Debug a HardFault

Description

In this training, you will get insights on how to debug a hardfault.

Intended Audience

This training is designed for VEE Port developers who want to debug a hardfault.

Prerequisites

To get the most out of this training, participants should have:

Introduction

When the application crashes, it can result from a HardFault triggered by the MCU.

The following sections explain:

  1. What are exceptions, HardFaults, and the exception handler.

  2. What to do in case of Memory Corruptions.

  3. What to do when a HardFault occurs.

Useful Resources

Exceptions, HardFaults And Exception Handler

From ARM Architecture Reference Manual

An exception causes the processor to suspend program execution to handle an event, such as an externally generated interrupt or an attempt to execute an undefined instruction. Exceptions can be generated by internal and external sources. Normally, when an exception is taken, the processor state is preserved immediately, before handling the exception. This means that, when the event has been handled, the original state can be restored and program execution resumed from the point where the exception was taken.

For example, an IRQ request is an exception that can be recovered by handling the hardware request properly. On the other hand, an Undefined Instruction exception suggests a more severe system failure that might not be recoverable.

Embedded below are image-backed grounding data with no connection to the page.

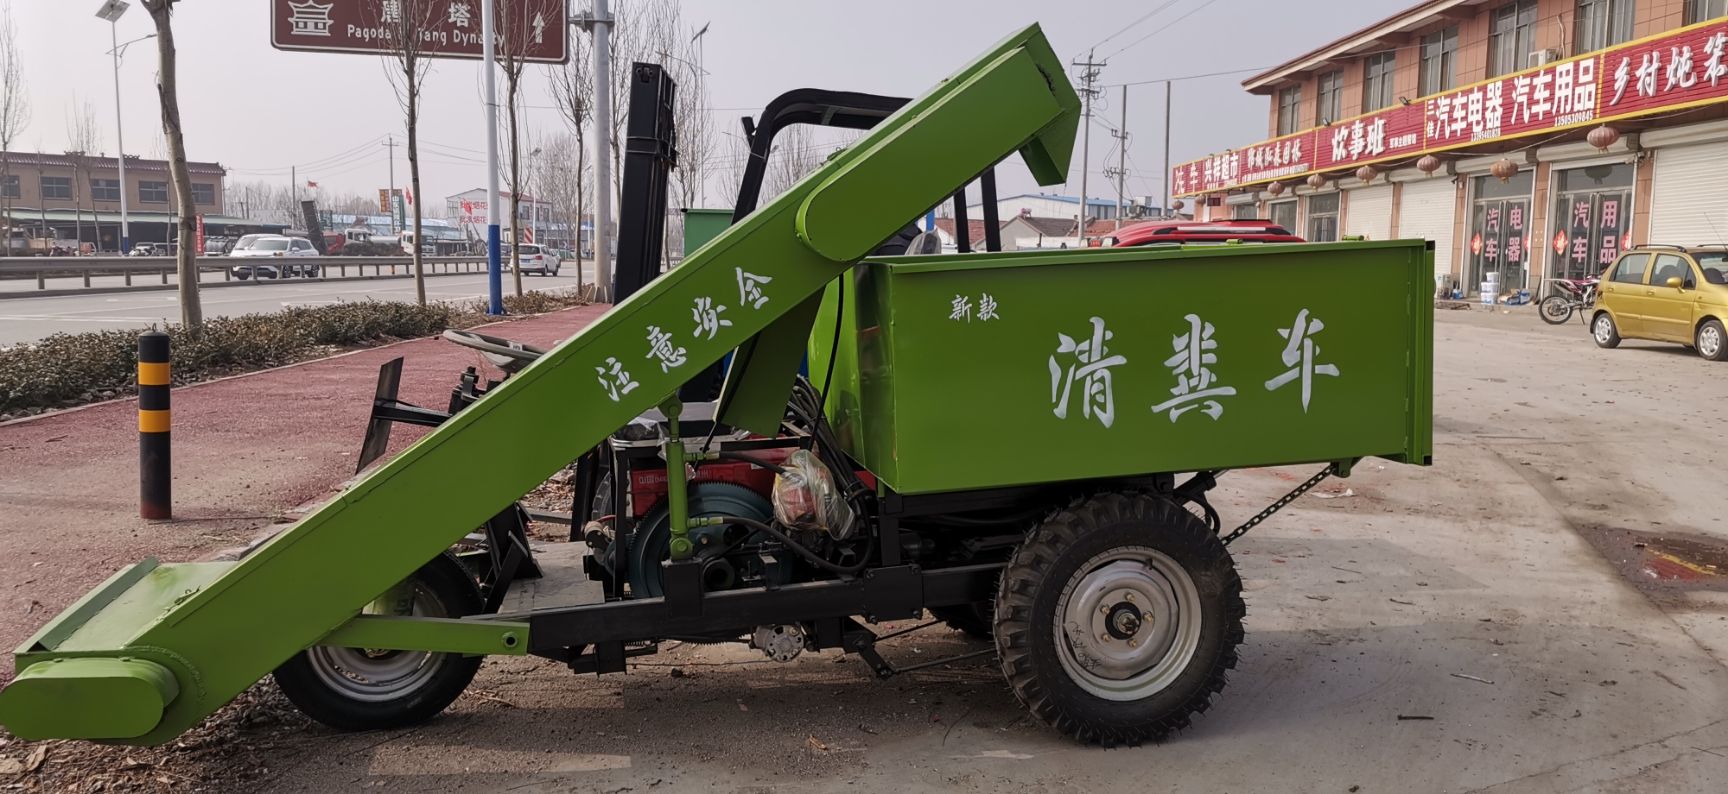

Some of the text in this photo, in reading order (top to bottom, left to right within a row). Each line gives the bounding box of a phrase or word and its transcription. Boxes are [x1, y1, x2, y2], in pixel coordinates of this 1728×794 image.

[347, 24, 391, 42] Pagoda
[418, 28, 447, 46] Tang
[453, 29, 504, 48] Dynaty
[1426, 100, 1435, 138] 三佳
[1435, 58, 1597, 140] 汽车电器 汽车用品
[1332, 116, 1387, 162] 炊事班
[949, 293, 1000, 323] 新款
[595, 267, 773, 402] 注意安全
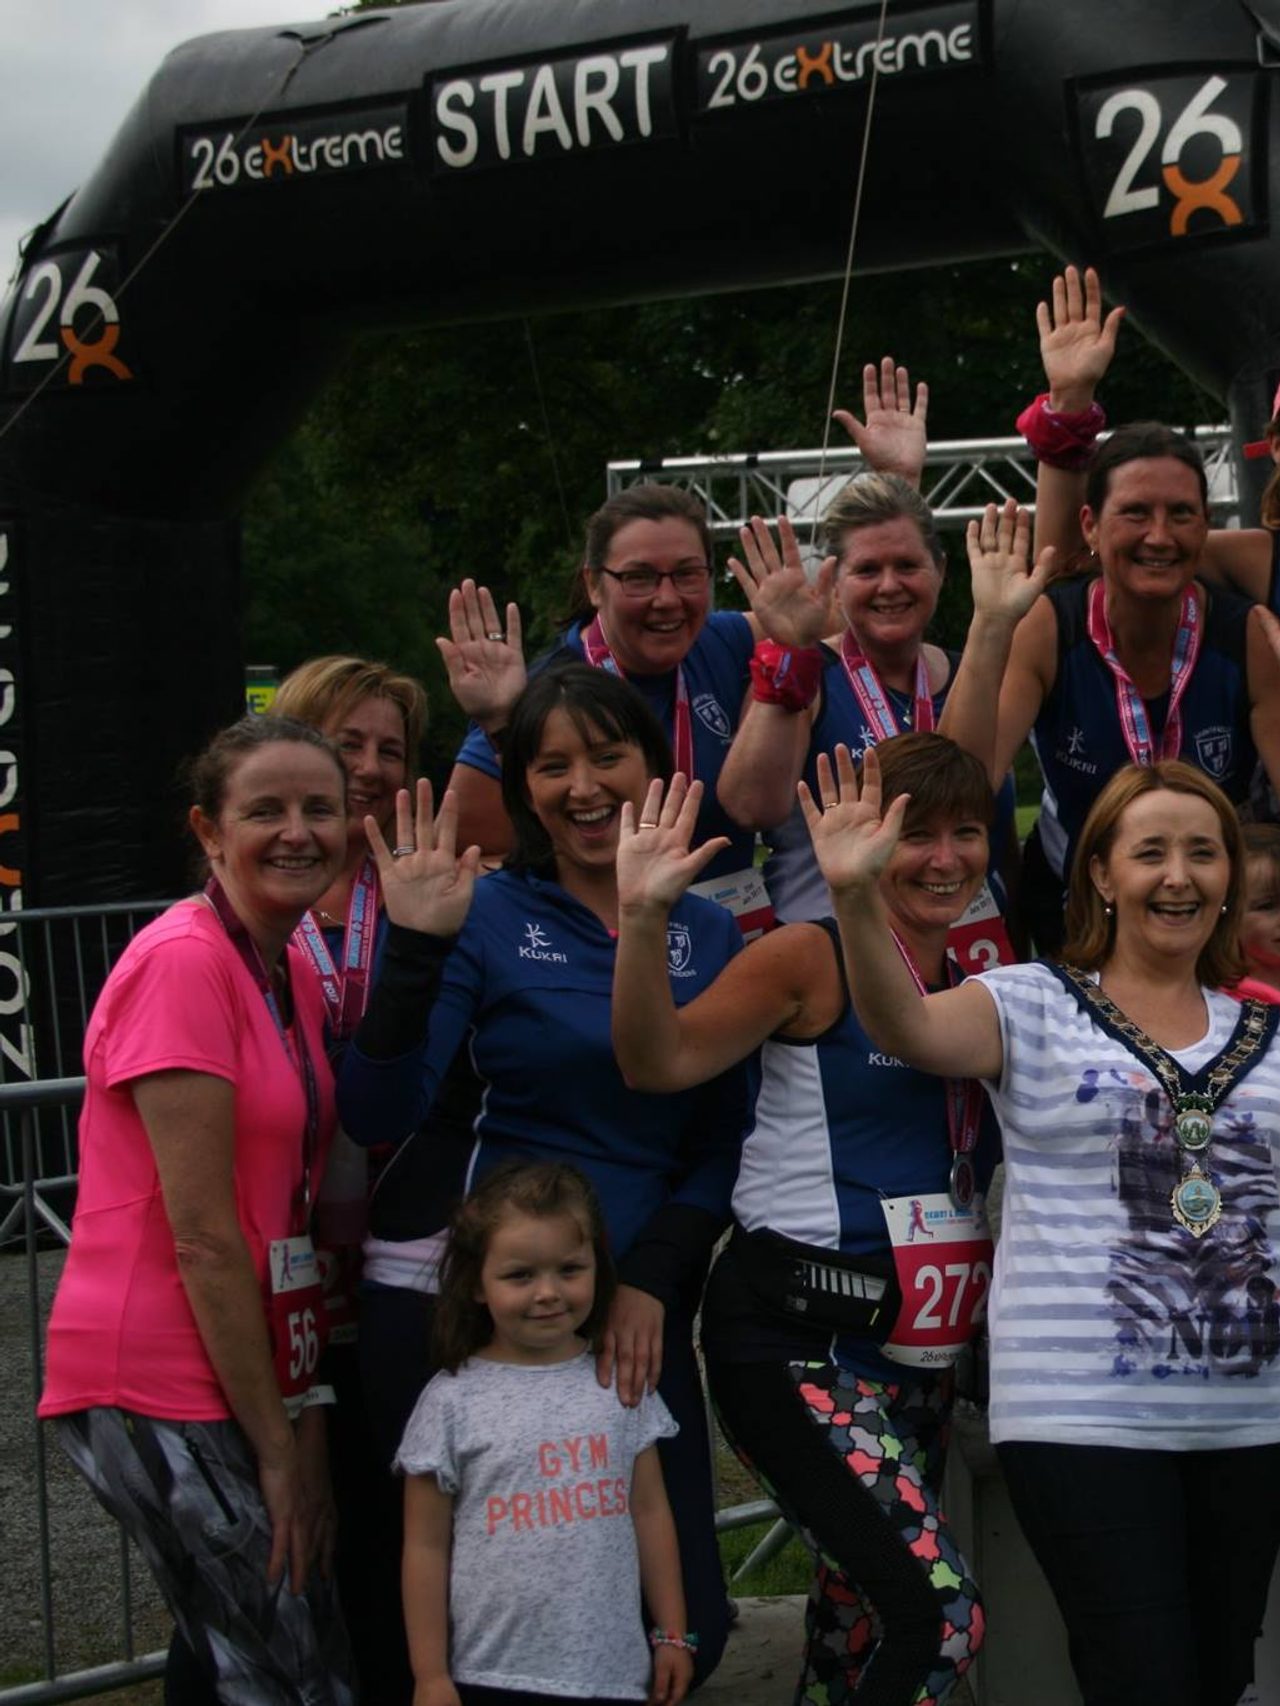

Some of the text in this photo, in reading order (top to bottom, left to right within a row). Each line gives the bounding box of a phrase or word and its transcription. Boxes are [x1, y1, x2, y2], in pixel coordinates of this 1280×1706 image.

[435, 45, 668, 169] START
[519, 946, 567, 964] KUKRI
[912, 1260, 992, 1330] 272
[287, 1307, 320, 1381] 56
[538, 1432, 609, 1479] GYM

The exceptions that cannot be recovered are named HardFaults.

From ARM Architecture Reference Manual

When an exception is taken, processor execution is forced to an address that corresponds to the type of exception. This address is called the exception vector for that exception.

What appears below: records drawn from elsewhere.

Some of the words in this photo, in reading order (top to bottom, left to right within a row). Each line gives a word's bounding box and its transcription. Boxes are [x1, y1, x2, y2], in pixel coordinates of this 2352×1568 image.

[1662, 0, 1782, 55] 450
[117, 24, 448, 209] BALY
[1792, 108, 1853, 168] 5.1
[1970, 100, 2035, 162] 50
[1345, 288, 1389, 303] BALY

The code pointed by the exception vector is named exception handler. Therefore, a dedicated exception handler can be configured for all exceptions, including HardFaults.

Possible exceptions can be:

  • Data Abort exception (access to unknown address)

  • Undefined Instruction exception (execute code that is not valid)

Check the hardware documentation for the complete list of exceptions.

What To Do In Exception Handlers?

For all HardFault handlers, the following data are available and must be printed:

  • Name and value of all registers available

  • Name of the handler

  • Address of the failing instruction

Optionally:

Refer to the architecture documentation for how to configure the exception interrupt vector.

Memory Protection Unit (MPU)

A Memory Protection Unit (MPU) is a hardware unit that provides memory protection. An MPU allows privileged software to define memory regions and their policy. The policy describes who can access the memory.

For example, configure the heap and stack of a task to be accessible from the task itself only. The MPU generates an exception if another task or a device driver attempts to access the memory region.

If applicable, configure the MPU should to protect the application.

Memory Corruption

Memory corruption can result in the following symptoms:

  • The address of the failing instruction is in a data section.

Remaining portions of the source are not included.